Friday, January 3, 2014

Magical Realism... What's That?

I’ve, essentially, always been a fantasy writer, but for a long time I used to say that I didn’t write fantasy. I would write about the reality I knew, and for most folks, that reality is fantasy. Admittedly, I’ve taken some forays into the more typical styles of escapist fantasy, but that old statement is still very much the cornerstone of my writing. I’ve also found it to be an adequate description for the Magical Realism sub-genre.

I’ve found that magical realism has become a literary term that for some has either faded into obscurity either by lack of use or overuse, and for others it’s just a head-scratcher. So, I’d like to provide some clarification, at least on my part, on what magical realism is.

  • Not Escapist: I think this is probably the most universal theme prevalent in all magical realism. It is not meant to take readers away to a land of world building and mystic creations. Everything in magical realism exists or has existed to some degree. While the backdrops may contain fantastic creatures and beings, they are typically as real to the writer as the reader’s household cat or dog. An escapist fantasy writer knows the dragon in his or story isn’t real. I know the chupacabra in my story is real. 
  •  Non-objective: Yes, I know it’s not the best or nicest term in the world but it does come close enough to conveying that magical realism is outside of what is typically considered normal or mainstream. It reveals cultures, traditions, and social themes that aren’t normally seen by the typical fantasy-reader.
  • Earthbound: I stress this in that the settings for magical realism are very much this world we live in. They may be slightly askew or require the inventing of a place that doesn’t exist, but even these fake places are just stand-ins for real ones. My invented metropolis of Glass City is really just a stand-in for a mix of Manhattan, Brooklyn, and Nantucket. 
  • Social Commentary: I found this one was truer for the more classical examples of magical realism, but I still think every approach to it, including modern ones that are brushing closer and closer to escapist fantasy, still do this. I agree that magical realism has to have a duty that takes precedence above the entertainment value of the piece (not to say that entertainment isn’t important as well). The story has to first reveal an important secret or truth about the society featured in the piece, and then it has to do this in an interesting and entertaining way, otherwise who would want to bother to read it. If all I wanted was the social commentary, I’d go to a guest lecture on the topic. 
  • Culture and Tradition: those elements that, for most of the readers, are fantasy elements are deeply rooted in the culture and traditions of the people in the story. In fact, I believe that culture has to be so omnipresent in the tale that not only is it like a character, but it becomes the main character. It’s not just another element in the development of the narrative, but the driving force behind every element of the piece. The magic system, the setting, the plot and character development, name selection, the underlying social themes, the “B” story between the girl and her mother, the humor and the melodrama… culture must be deeply embedded in all of these decisions and factors.

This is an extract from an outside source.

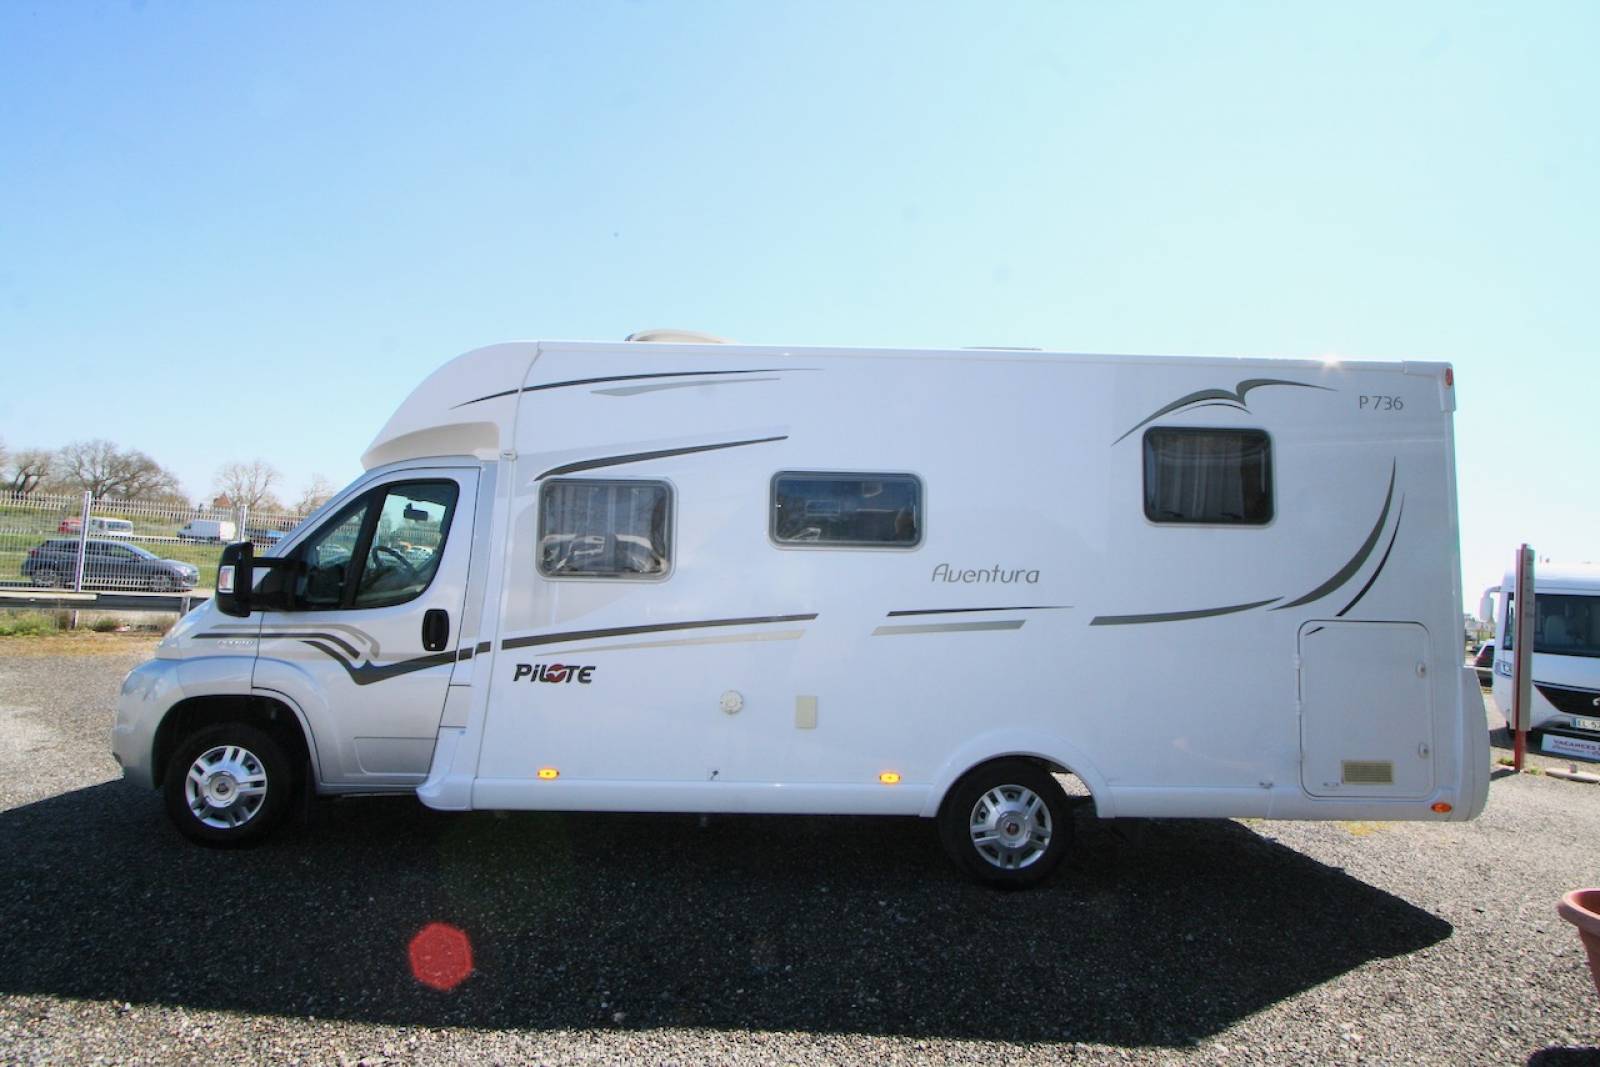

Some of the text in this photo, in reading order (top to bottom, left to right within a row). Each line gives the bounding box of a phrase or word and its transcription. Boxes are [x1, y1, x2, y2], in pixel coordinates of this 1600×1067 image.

[1359, 395, 1404, 411] P 736
[931, 562, 1041, 584] Aventura
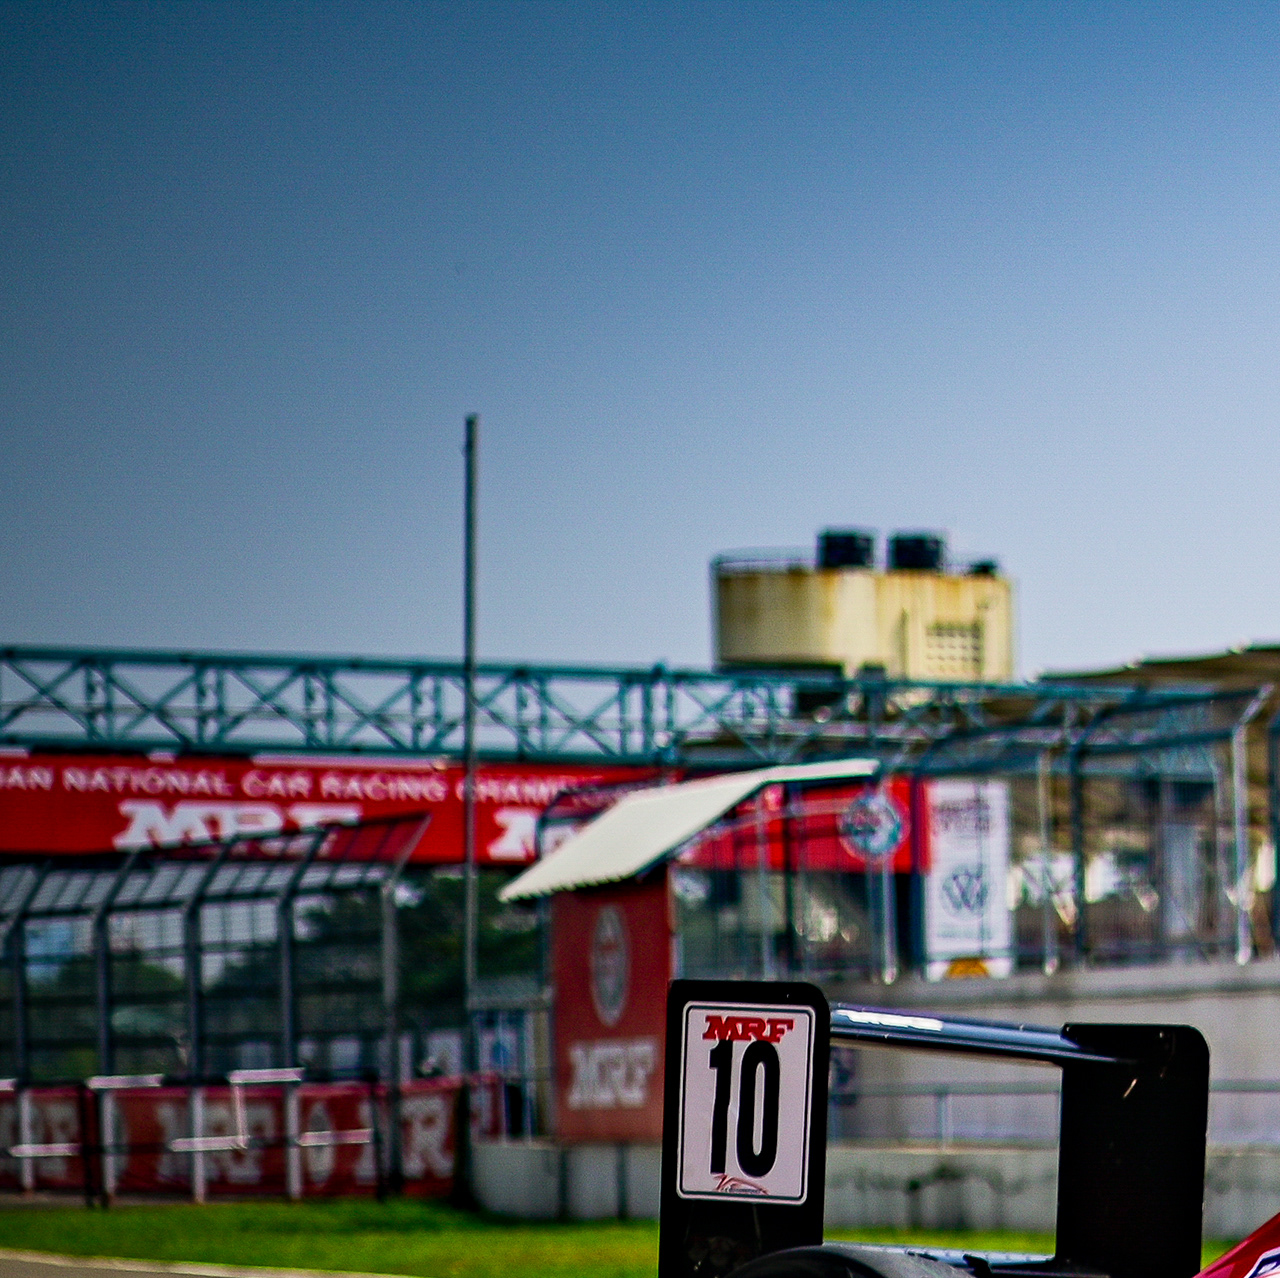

In the end, each of these factors are typically major goals I try to achieve in my writing endeavors. I even hope this blog article fits into this spectrum somehow. And while I know that when most readers finish one of my stories, they aren’t accepting the realism of the fantastic elements I included. That’s okay. I’m not asking them to take that leap with me, just to come along for the ride, hope they enjoy the sights, and that maybe they learn something and grow a tiny bit as people by the time they are finished.